2. Materials and Methods

2.1. Cell Cultures

Murine Lewis lung carcinoma (LLC) and melanoma (B16-F10) cells purchased from ATCC were cultured in high-glucose DMEM containing P/S and supplemented with 10% fetal bovine serum. The LLC and B16 cells were maintained in a humidified atmosphere containing 5% CO₂ at 37 °C.

2.2. Animal Models of Tumor Growth and Fungal Infection

C57BL/6 mice purchased from Charles River Laboratories (Calco, Italy) were raised on a 12 h light/day cycle and a standard diet. Six- to eight-week-old male and female mice weighing 20–25 g were used in all the experiments. The mice were injected i.p. with MC-SeCs (1.0 × 10⁶ SeCs/g body weight) or the equivalent amount of empty microcapsules (E-MCs) using a sterile 16-gauge catheter under general anesthesia [15] one week before fungal infection or tumor cell injection. For Aspergillus fumigatus infection, mice previously injected with MC-SeCs or E-MCs were anesthetized in a plastic cage via inhalation of 3% isoflurane (Forane; Abbott Laboratories, North Chicago, IL, USA) in oxygen before the intranasal instillation of 4.0 × 10⁷ resting conidia or intratracheal instillation of 5.0 × 10⁷ resting conidia of A. fumigatus (Af293 strain) in 20 µL of saline.
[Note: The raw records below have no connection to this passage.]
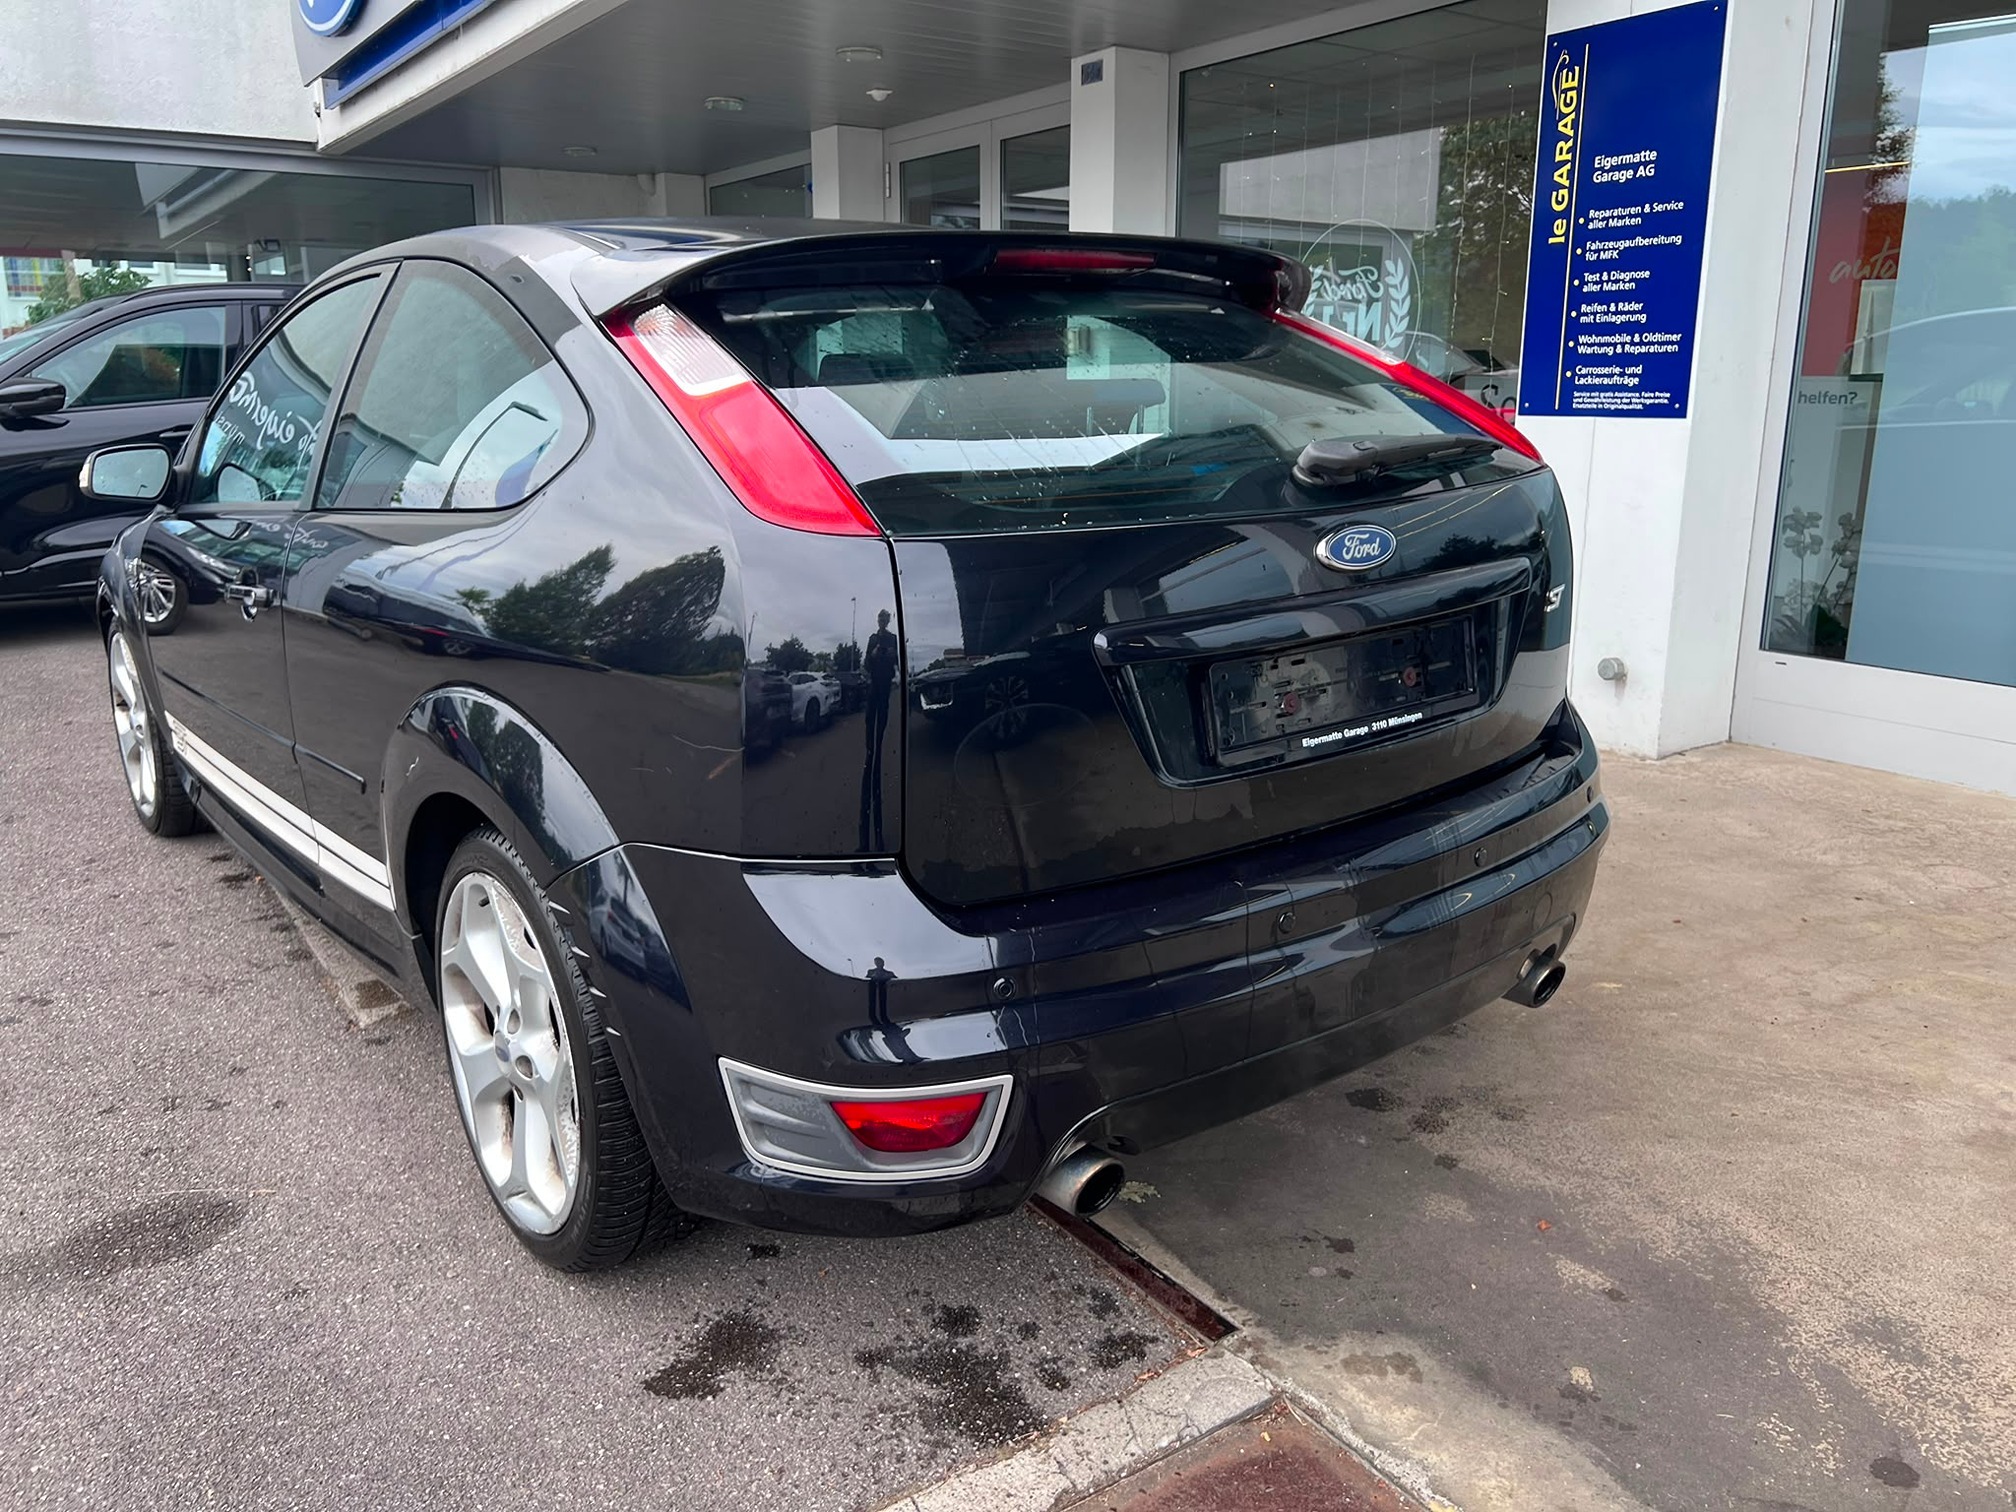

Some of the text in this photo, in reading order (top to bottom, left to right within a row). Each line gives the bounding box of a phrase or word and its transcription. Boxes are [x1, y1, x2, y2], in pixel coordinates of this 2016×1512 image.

[1548, 65, 1579, 244] le GARAGE
[1594, 150, 1658, 170] Eigermatte
[1593, 164, 1656, 184] Garage AG
[1589, 201, 1684, 220] Reparaturen & Service
[1587, 217, 1642, 230] aller Marken
[1586, 235, 1683, 251] Fahrzeugaufbereitung
[1585, 250, 1619, 261] für MFK
[1829, 235, 1900, 284] auto
[1584, 270, 1651, 282] Test & Diagnose
[1582, 281, 1636, 293] aller Marken
[1581, 301, 1644, 313] Reifen & Räder
[1580, 313, 1647, 325] mit Einlagerung
[1578, 332, 1682, 344] Wohnmobile & Oldtimer
[1578, 343, 1679, 356] Wartung & Reparaturen
[1576, 364, 1643, 375] Carrosserie- und
[1574, 376, 1640, 387] Lackieraufträge
[1797, 390, 1858, 405] helfen?
[1342, 533, 1381, 560] Ford
[1302, 712, 1423, 748] Eigermatte Garage 3110 Münsingen
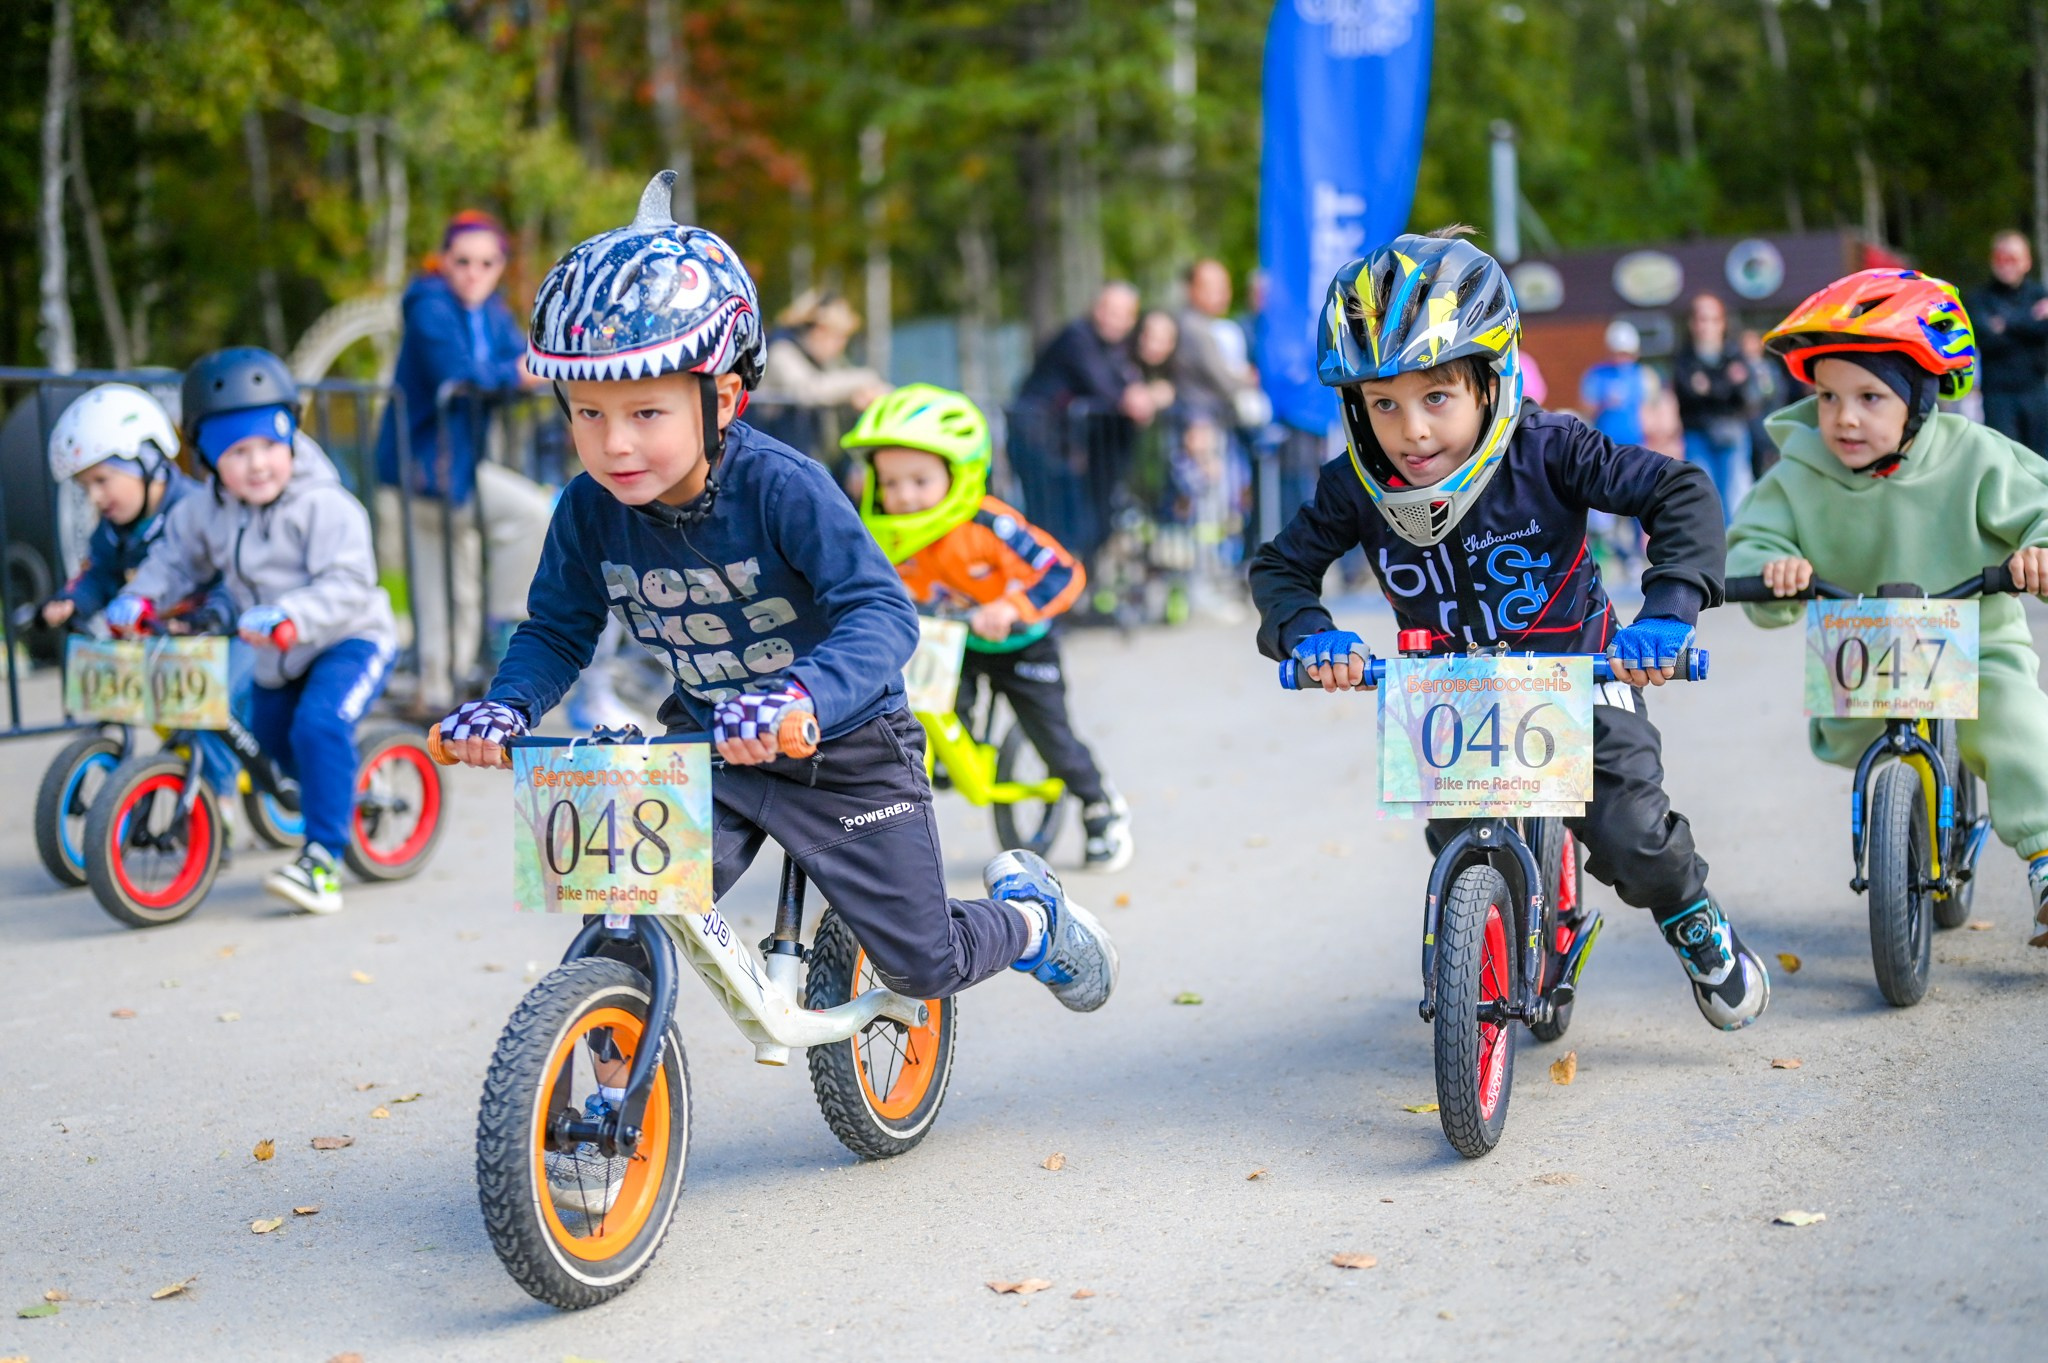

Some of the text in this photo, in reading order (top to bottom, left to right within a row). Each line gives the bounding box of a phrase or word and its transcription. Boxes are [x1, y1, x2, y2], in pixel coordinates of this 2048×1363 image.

[741, 597, 798, 634] a
[1836, 637, 1947, 691] 047
[1407, 675, 1572, 693] Беговелоосень
[1421, 702, 1556, 769] 046
[533, 766, 689, 788] Беговелоосень
[1434, 777, 1541, 792] Bike me Racing
[844, 802, 912, 828] POWERED
[545, 799, 671, 875] 048
[557, 886, 659, 905] Bike me Racing
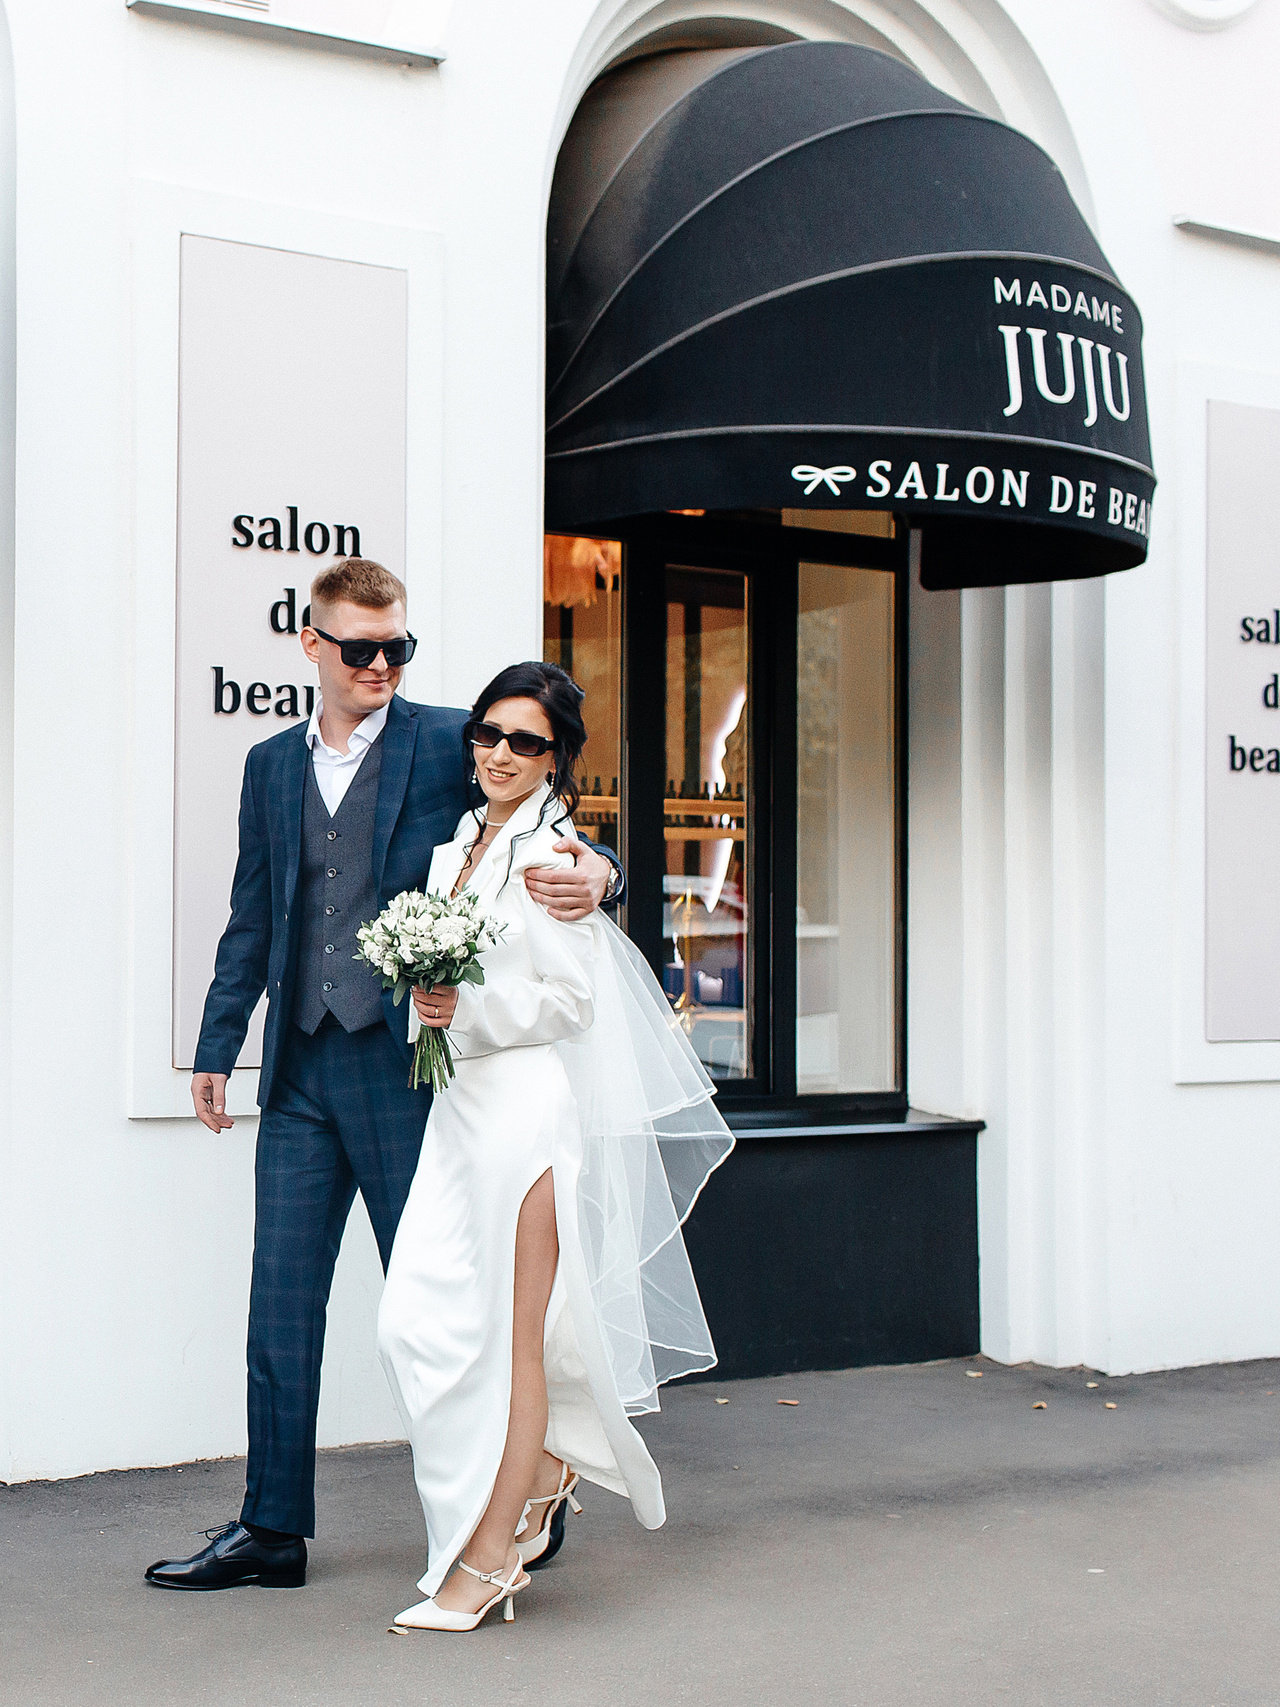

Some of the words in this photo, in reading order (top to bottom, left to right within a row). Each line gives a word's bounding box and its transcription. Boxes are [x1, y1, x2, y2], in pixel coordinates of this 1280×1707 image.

[993, 276, 1124, 335] MADAME
[997, 324, 1131, 428] JUJU
[866, 460, 1030, 508] SALON
[1049, 475, 1097, 519] DE
[232, 505, 363, 559] salon
Gastrointestinal Candida albicans infection was performed via gavage of 1.0 × 10⁸ C. albicans yeasts in 200 µL of saline for two consecutive days. At the indicated times, the animals were sacrificed, and their lungs, bronchoalveolar lavage fluid (BALF), or colons were collected. For tumor growth analysis, mice previously injected with MC-SeCs or E-MCs were subcutaneously (s.c.) injected in the right flank with LLC (1.0 × 10⁶ cells/mouse) or B16 (1.0 × 10⁵ cells/mouse) cells. The control mice were injected with vehicle. Tumor measurements were taken using a digital caliper (Exacta Optech Labcenter, San Prospero, Italy), and the tumor volumes were calculated using the formula (length × width²)/2. Twenty-five days after tumor cell injection, the animals were sacrificed, and their tumor masses and lungs were excised and weighed. The numbers and areas of lung metastases were evaluated after hematoxylin/eosin staining.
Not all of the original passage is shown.